California invades Monessen
MONESSEN – Joe Fischer did a double take when he first read the score: California Area 36, Frazier 6.
“That’s not because I thought California was a bad team,” Fischer explained. “With how tough Frazier played us, I just thought it would be a lot closer.”
So did California coach Joe Kuhns.
“I might have been as shocked as (Fischer) with the score,” Kuhns said. “We got a couple breaks here and there and scored on some long runs to make a close game not-so-close.”
Fresh off the big win, the Trojans (1-1, 2-2) invade Memorial Stadium tonight for a Class A Tri-County South Conference duel with the Greyhounds (2-0, 4-0).
California was supposed to be vulnerable to extremely quick or large teams. With the exception of a 34-0 loss to Carmichaels, the Trojans have stayed tough on both fronts.
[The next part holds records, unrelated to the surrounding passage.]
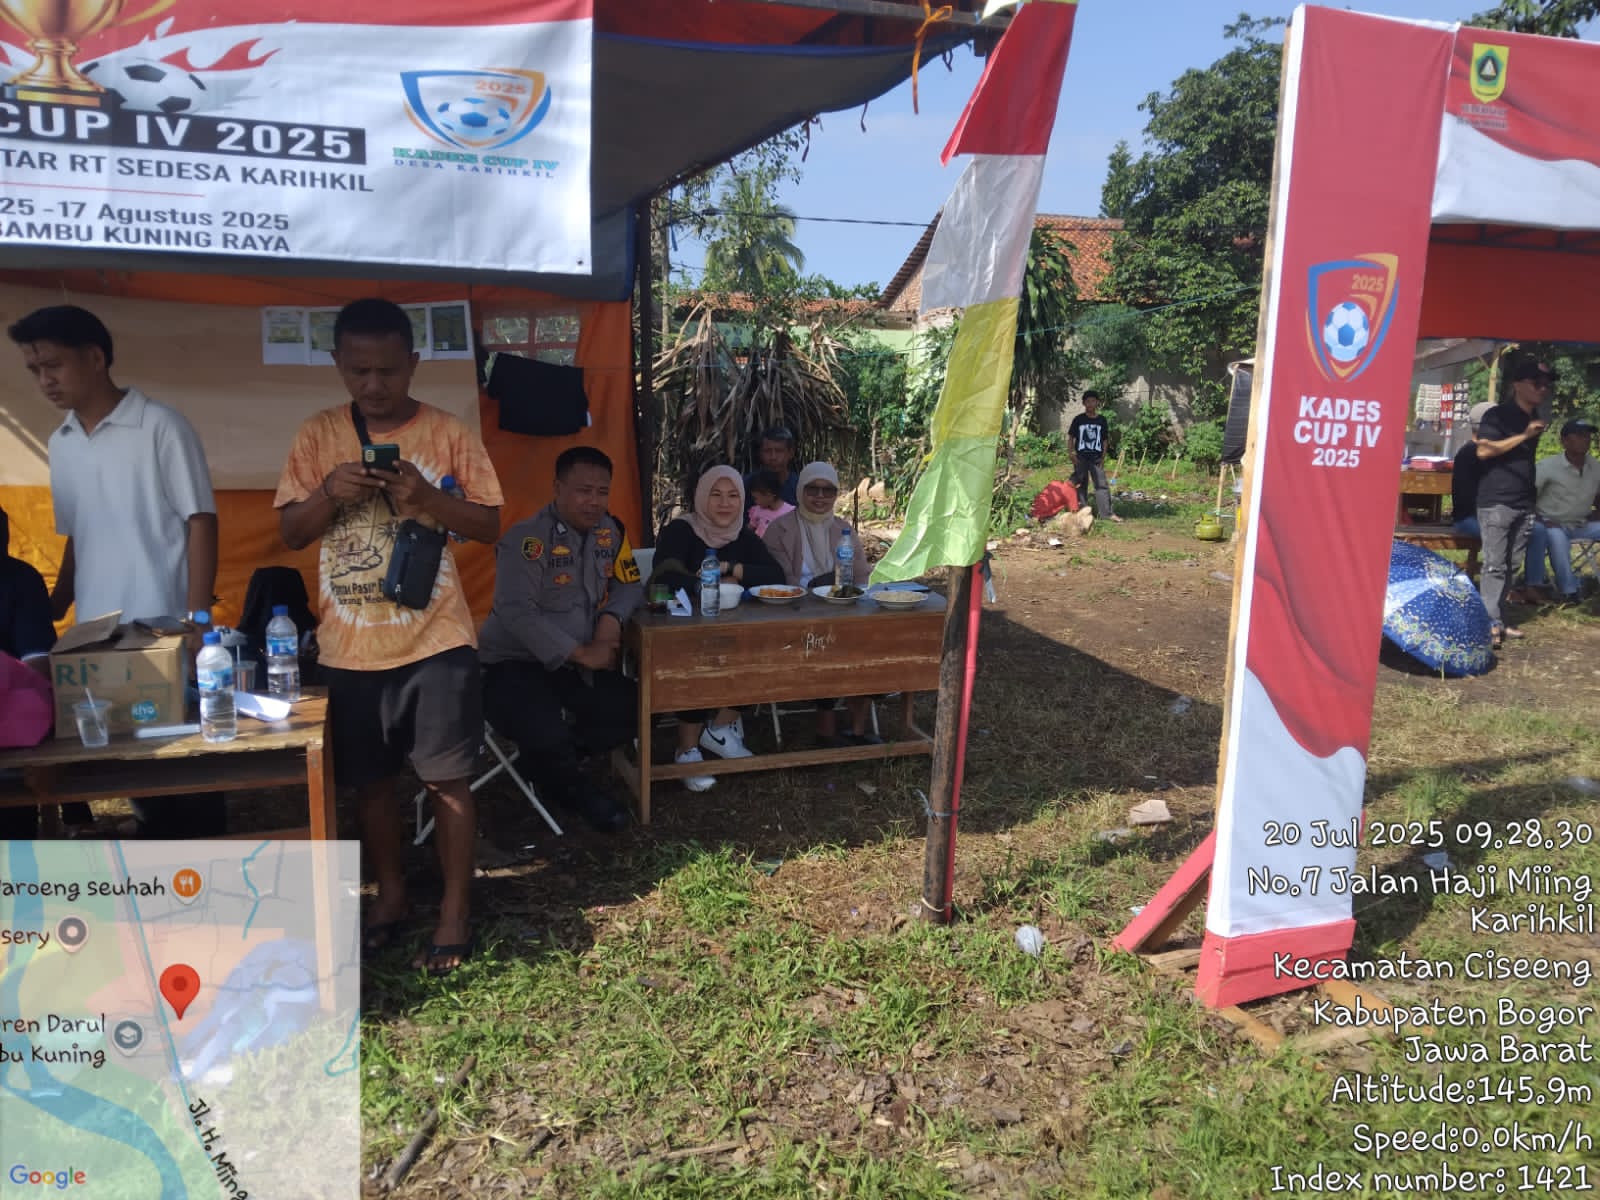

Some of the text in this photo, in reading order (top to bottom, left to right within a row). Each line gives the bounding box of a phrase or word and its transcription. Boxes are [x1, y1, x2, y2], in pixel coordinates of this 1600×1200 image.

[475, 80, 527, 94] 2025
[0, 102, 351, 160] CUP IV 2025
[0, 148, 374, 193] TAR RT SEDESA KARIHKIL
[392, 147, 560, 171] KADES CUP IV
[394, 158, 554, 179] DESA KARIHKIL
[98, 204, 213, 228] Agustus
[222, 211, 290, 231] 2025
[0, 219, 290, 253] AMBU KUNING RAYA
[1351, 274, 1385, 293] 2025
[1299, 395, 1381, 423] KADES
[1293, 420, 1383, 448] CUP IV
[1312, 448, 1361, 468] 2025
“If you look at their scores, they beat Frazier soundly, beat Riverview and played tough against Clairton,” Fischer said. “Judging from the other scores, California is obviously a disciplined, motivated group of kids. In order for us to have success, we have to focus on every snap.”
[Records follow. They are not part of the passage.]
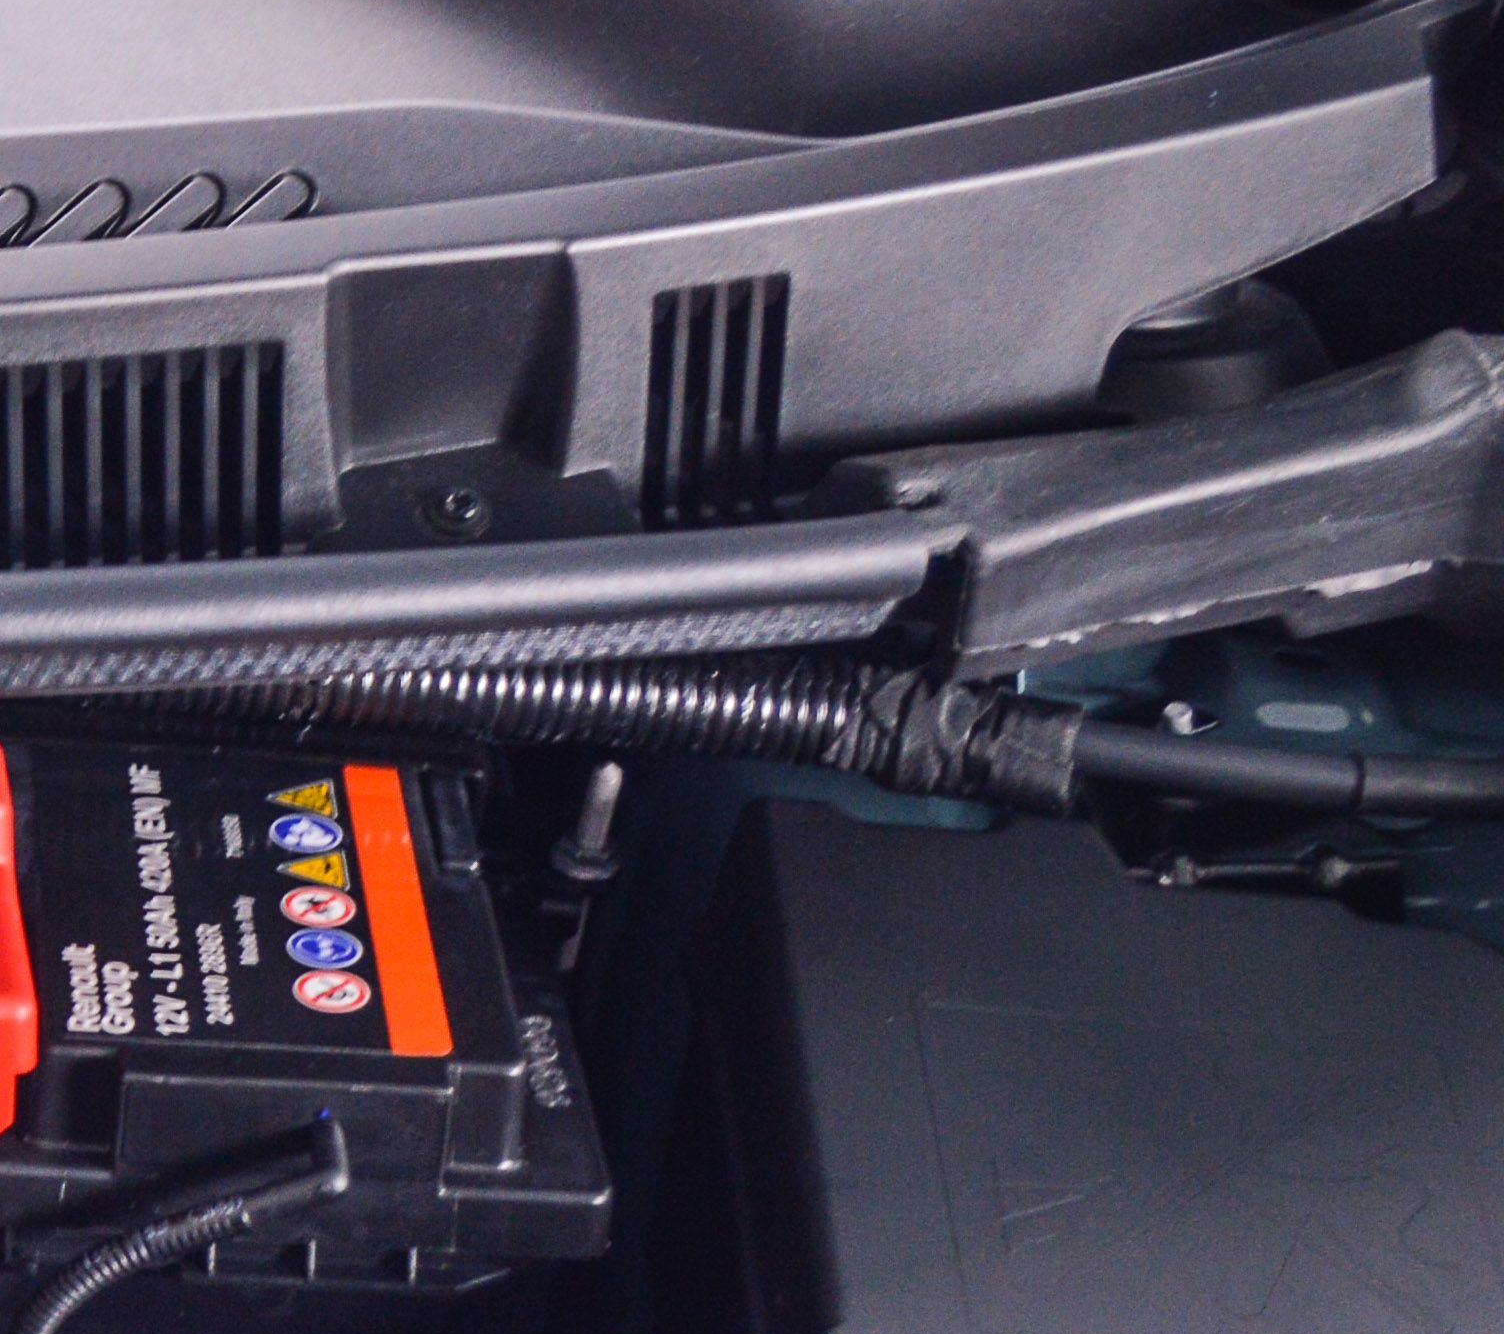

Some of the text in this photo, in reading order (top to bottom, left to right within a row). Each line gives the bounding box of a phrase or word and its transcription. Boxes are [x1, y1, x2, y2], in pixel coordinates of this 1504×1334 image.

[132, 797, 175, 841] (EN)
[137, 842, 173, 893] 420A
[142, 895, 181, 949] 50Ah
[62, 943, 101, 1033] Renault
[148, 952, 184, 980] L1
[101, 961, 139, 1034] Group
[152, 994, 190, 1036] 12V
With Josh Bongiorno at fullback and Chris Guerra and Brad Wright at tailback, California’s runners can pack a wallop. While the Trojans don’t have any bona fide breakaway threats, they broke three scoring plays of 45 yards or more against Frazier. Quarterback Parke Bongiorno, who had touchdown scampers of 45 and 65 yards, proved he is as much a threat on the ground as through the air.
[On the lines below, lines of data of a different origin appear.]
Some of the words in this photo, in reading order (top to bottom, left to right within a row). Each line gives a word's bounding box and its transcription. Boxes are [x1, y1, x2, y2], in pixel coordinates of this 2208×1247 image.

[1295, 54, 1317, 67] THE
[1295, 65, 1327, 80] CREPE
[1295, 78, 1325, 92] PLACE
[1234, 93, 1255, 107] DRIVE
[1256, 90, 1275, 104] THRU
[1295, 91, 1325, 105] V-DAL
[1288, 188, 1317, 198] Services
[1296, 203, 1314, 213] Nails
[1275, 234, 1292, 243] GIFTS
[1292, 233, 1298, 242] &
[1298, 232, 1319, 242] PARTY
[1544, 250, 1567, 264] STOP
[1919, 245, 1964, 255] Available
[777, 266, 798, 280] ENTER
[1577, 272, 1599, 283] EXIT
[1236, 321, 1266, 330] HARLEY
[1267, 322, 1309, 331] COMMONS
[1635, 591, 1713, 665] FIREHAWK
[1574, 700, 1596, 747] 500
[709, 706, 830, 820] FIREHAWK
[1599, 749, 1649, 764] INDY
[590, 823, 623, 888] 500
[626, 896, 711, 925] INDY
“If I had another quarterback he’d be our tailback,” Kuhns said. “We’re going to have to try and keep up with them, because I don’t think we’re going to shut them down.”
Monessen, likewise, has collected a plethora of big plays.
Kuhns is all too aware of Monessen’s arsenal of running backs featuring Quinton Martin and Ernest Williams. The combo toasted California last season with 229 yards on the ground. Wideout Robert Youngblood is also capable of scoring anytime he has the ball.
“Being the defensive coach, this is the team that gives you migraines because you have to seal off the entire field,” Kuhns said. “It’s impossible to get tendencies, because they use different backs and if you fill the gap, they cut it back and run for big gains.”
As for a potential letdown for Monessen this week, Fischer quickly dismissed the notion.
“Last week was our letdown week,” Fischer said curtly, referring to his team’s slow start in a 33-11 win at Geibel. “We still have a variety of firepower. We’re ready to go.”